そのため、精神医療に関わるものは、いつも細心の注意を払っているものです。
ところが、今回のような不用意な報道がなされますと、その誤解を解消するために、どれくらい不必要な努力が払われるか、はかりしれません。
単に、容疑者の嘘であったとして処理するのではなく、このような機会をとらえて、精神安定剤の効果に対する誤解を解き、正しい事実を報道されるように切に希望します。
そのような情報提供は、精神医療への偏見を是正し、適切な治療を求める人を援助するものとなることと思います。
 もう一つは、措置入院の制度に対するとらえ方です。
報道されていますように、措置入院の中には、触法行為のあった患者の不起訴の後の処置として、措置入院制度が使われている場合があります。
しかし、措置入院のすべてが、そのような場合であるとは言えません。
医療保護入院とするためには、保護者からの要請が必要ですが、その形で入院させたのでは、退院後の家族内での対応が困難となる例にも措置入院制度が使われることがあります。
歴史的には、家族が医療費を払えない場合に、措置入院制度を利用して、経済措置という言葉を生むほど、便宜的な利用がされた事実もあります。制度は一度できてしまうと、法律の文言通りの使われ方がされているわけではありません。
そのあたりにもっと配慮を望みたいと思います。
私も、過去の病状や問題行為に絡んで、措置入院を経験した患者さんを受け持っていますが、治療的に一般の患者と全く変わりがない場合の方が多いです。
何かしら、措置入院は危険な患者であり、厳密な経過観察が必要であるかのような印象を与える報道がなされますと、制度の利用が硬直し、結果的に社会的な不利益をもたらしてしまうと思います。
 第三に、触法行為を起こした精神障害者への対応ですが、精神障害だから法的に罪に問われなかったとしても、それで問題が終わったわけではありません。
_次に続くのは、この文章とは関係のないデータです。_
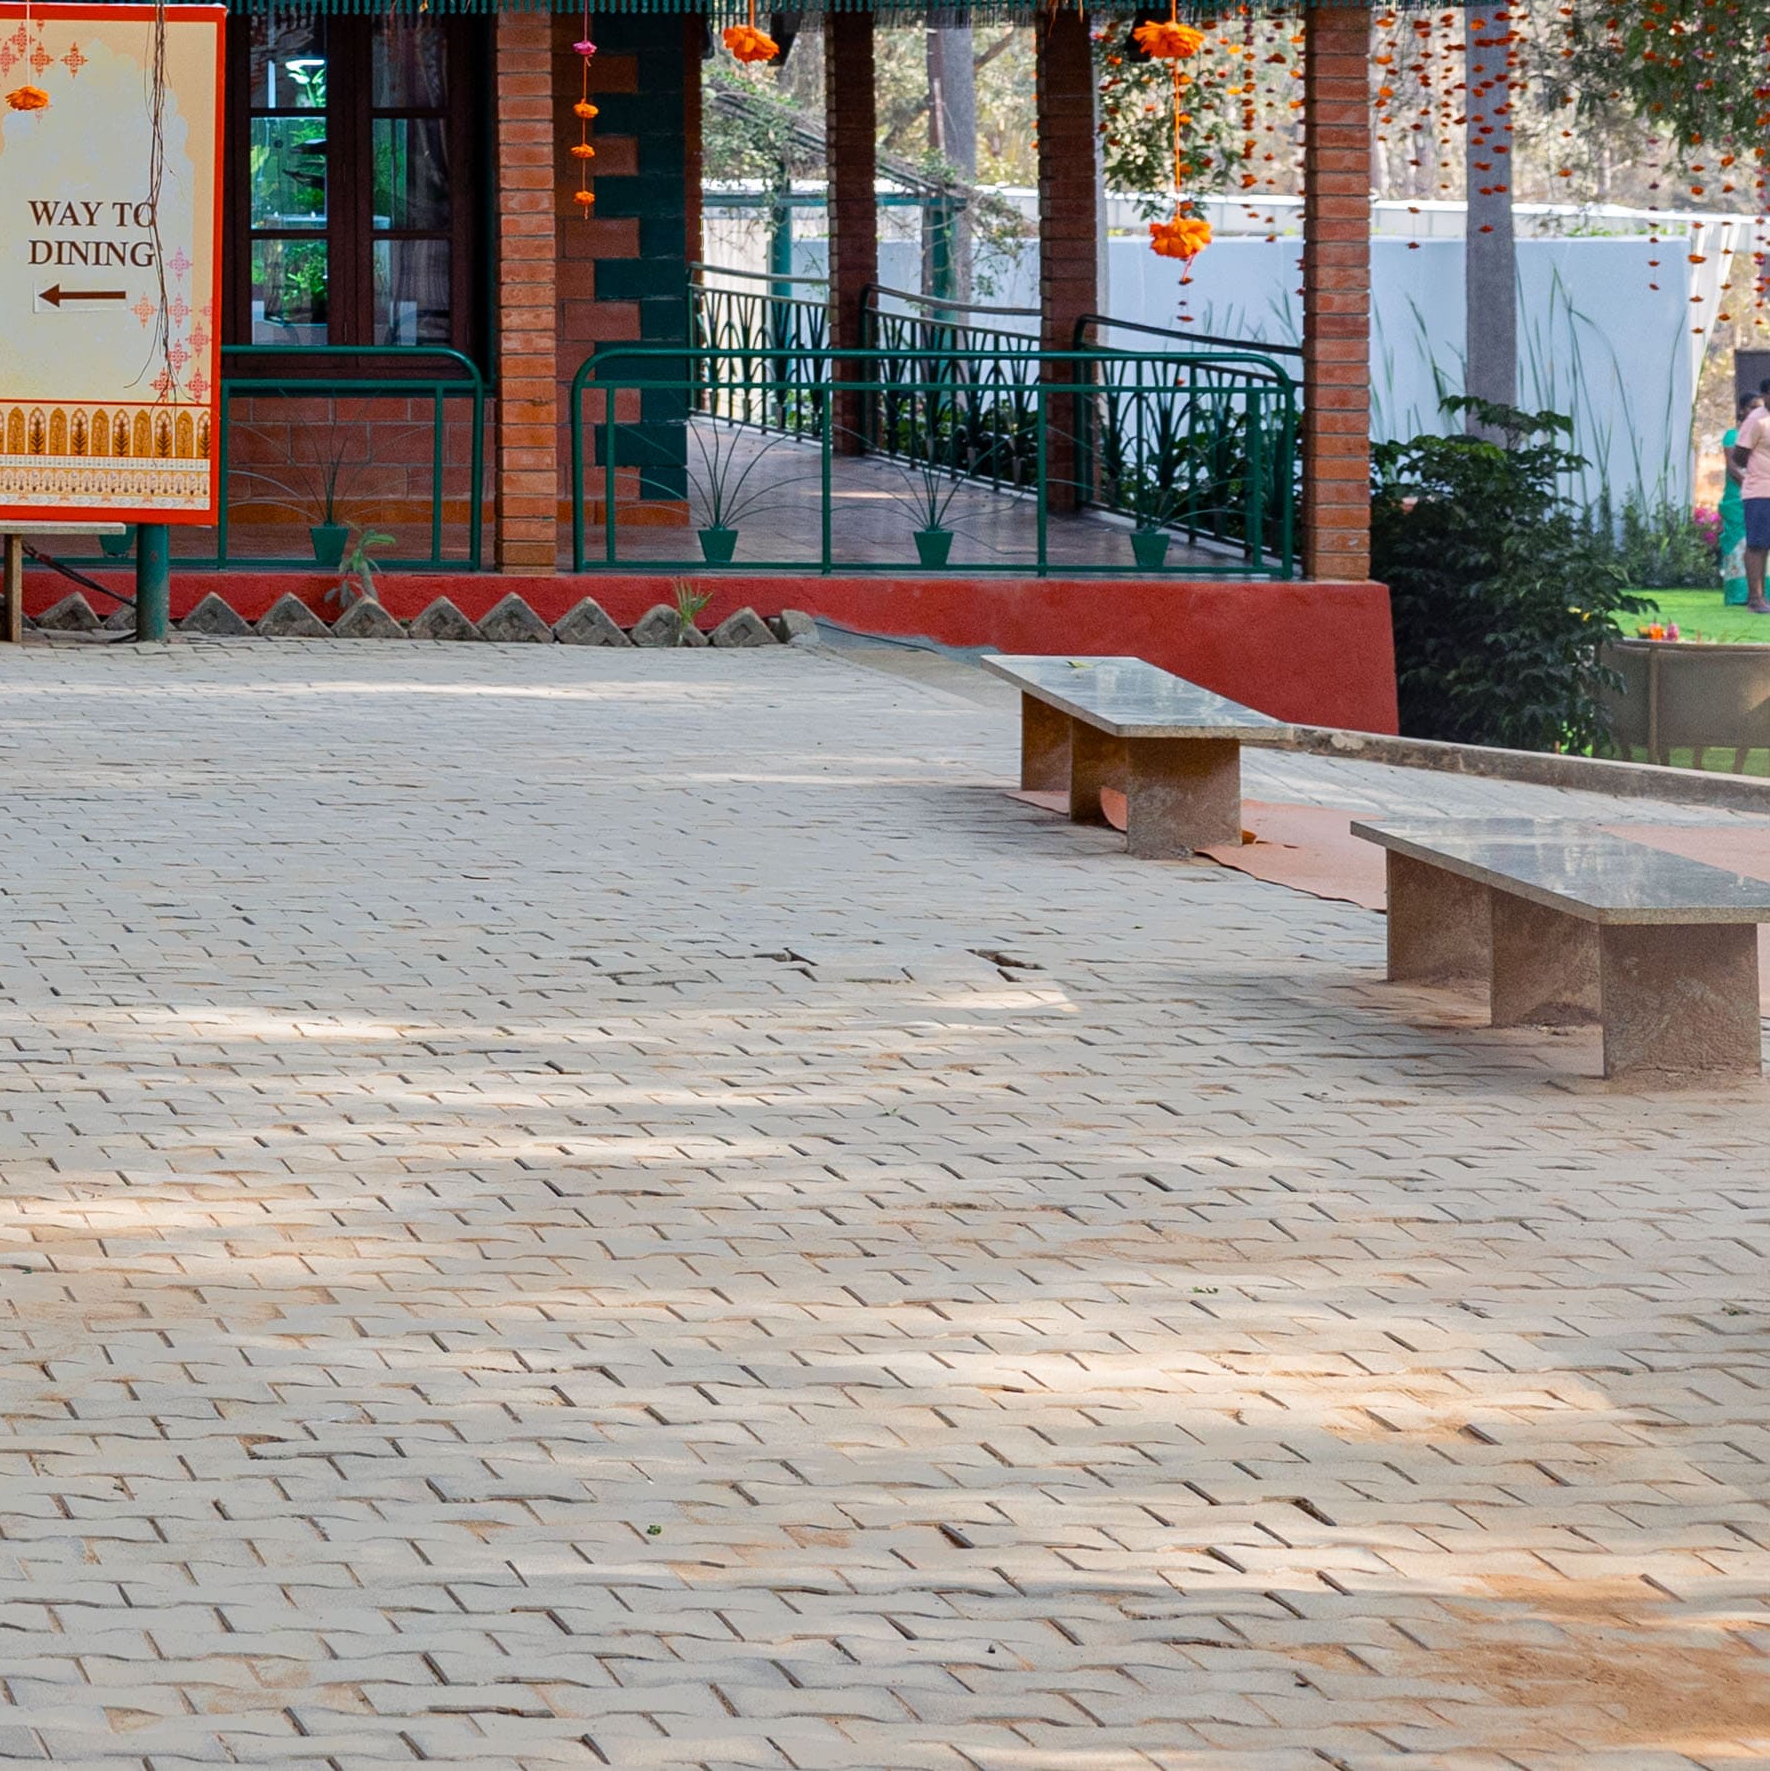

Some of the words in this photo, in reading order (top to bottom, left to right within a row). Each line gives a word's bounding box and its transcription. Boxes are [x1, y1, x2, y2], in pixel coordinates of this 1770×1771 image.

[27, 200, 104, 226] WAY
[111, 201, 156, 228] TO
[27, 239, 156, 267] DINING
その障害者と、それからつきあっていく人間は、罪の償いに関わる問題と、病気の治療の両方を行っていかなければならないのですが、それらを両立させることはとても困難です。
かといって、どちらかに偏っても、十分な効果は上がらないでしょう。
単に、専門施設を作ればすむという問題でもありません。
非常に微妙な問題を含んでいます。
どういう対応がその人の社会復帰に、また治療上有効なのでしょうか。それらの後づけをもっとやってもらいたいと思います。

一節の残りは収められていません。